I am clearly not giving Redshift the authentication it needs:

{
  "error": "RedshiftData.ValidationException",
  "cause": "To use IAM Authorization, both Cluster ID and DB User are required unless you're using Redshift Serverless. (Service: RedshiftData, Status Code: 400, Request ID: 3c7ef18f-ad28-46a2-8668-25cb6f5563bd, Extended Request ID: null)"
}

The question is how to configure the authentication properly. Do I create a DB user as here? https://awsbytes.com/how-to-create-user-in-redshift-database/ How would I pass this in the step function? Should I use a Secrets Manager? Is there a good guide on this?

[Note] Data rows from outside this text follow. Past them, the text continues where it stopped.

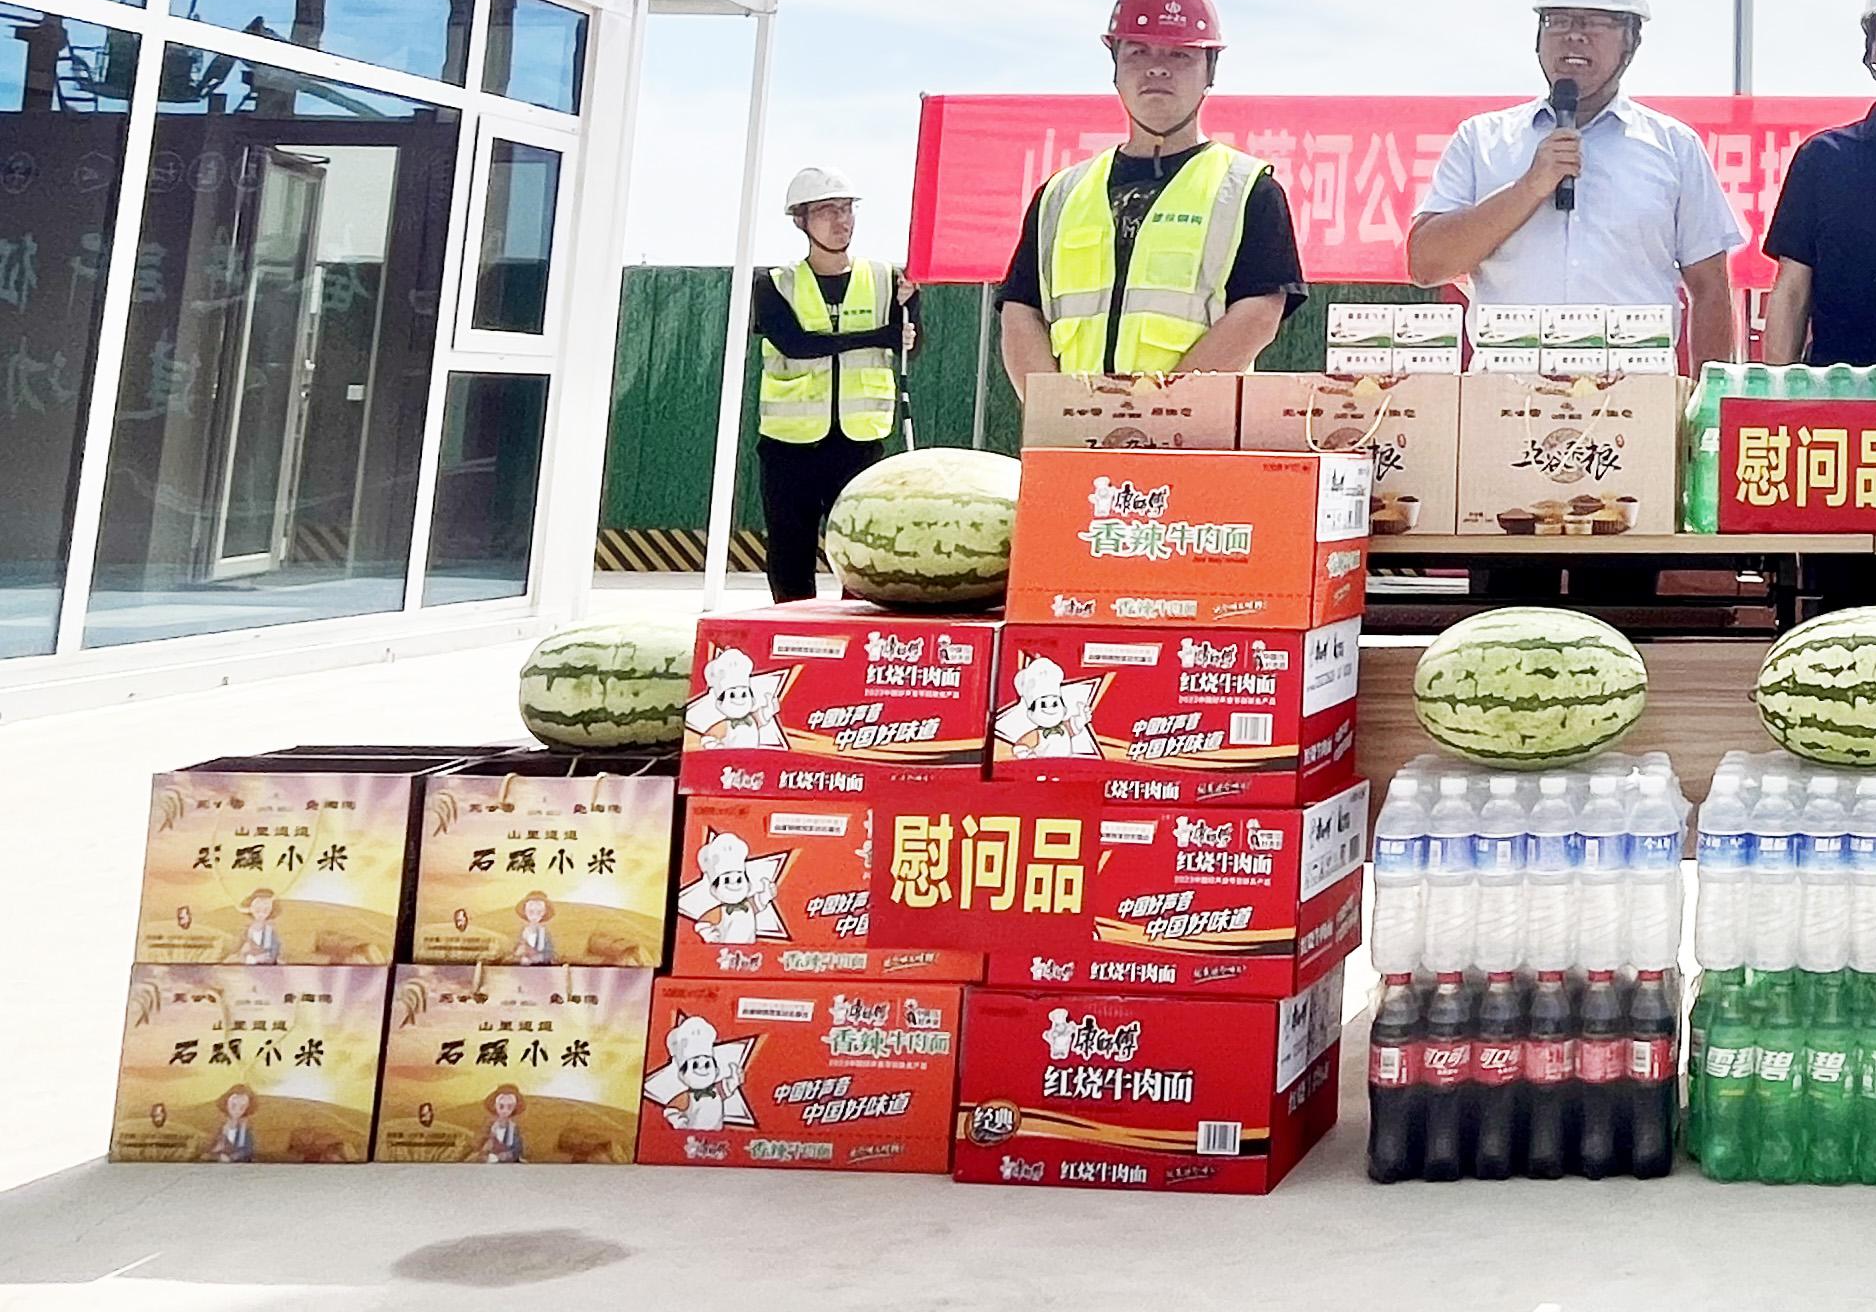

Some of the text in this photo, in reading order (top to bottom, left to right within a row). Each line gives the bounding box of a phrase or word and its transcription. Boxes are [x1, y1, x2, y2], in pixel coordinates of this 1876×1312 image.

[1084, 520, 1253, 559] 香辣牛肉面
[865, 664, 961, 688] 红烧牛肉面
[1179, 672, 1276, 696] 红烧牛肉面
[807, 703, 884, 729] 中国好声音
[1132, 712, 1203, 737] 中国好声音
[834, 719, 941, 751] 中国好味道
[1127, 730, 1226, 761] 中国好味道
[778, 771, 865, 792] 红烧牛肉面
[1104, 780, 1180, 801] 烧牛肉面
[890, 814, 1086, 915] 慰问品
[1175, 851, 1273, 876] 红烧牛肉面
[806, 890, 870, 918] 中国好声
[1117, 890, 1196, 918] 中国好声音
[1145, 906, 1253, 940] 中国好味道
[1089, 961, 1177, 984] 红烧牛肉面
[824, 1027, 950, 1058] 香辣牛肉面
[773, 1076, 852, 1102] 中国好声音
[1043, 1065, 1194, 1103] 红烧牛肉面
[801, 1091, 911, 1126] 中国好味道
[972, 1106, 1015, 1133] 经典
[1060, 1161, 1148, 1184] 红烧牛肉面

There is my step Function code:

{
  "Comment": "Run Redshift Queries",
  "StartAt": "ReceiveMessage from SQS",
  "States": {
    "ReceiveMessage from SQS": {
      "Type": "Task",
      "Parameters": {
        "QueueUrl": "https://sqs.us-east-2.amazonaws.com/******/dev-queryProcessingQueue"
      },
      "Resource": "arn:aws:states:::aws-sdk:sqs:receiveMessage",
      "Next": "Run Analysis Queries",
      "ResultSelector": {
        "body.$": "States.StringToJson($.Messages[0].Body)"
      }
    },
    "Run Analysis Queries": {
      "Type": "Task",
      "Parameters": {
        "ClusterIdentifier": "test-*****-redshift-cluster",
        "Database": "prod",
        "Sql": "select * from my_test_table"
      },
      "Resource": "arn:aws:states:::aws-sdk:redshiftdata:executeStatement",
      "End": true
    }
  },
  "TimeoutSeconds": 3600
}

CodePudding user response：

The solution is to add the Redshift access to the step function IAM Role.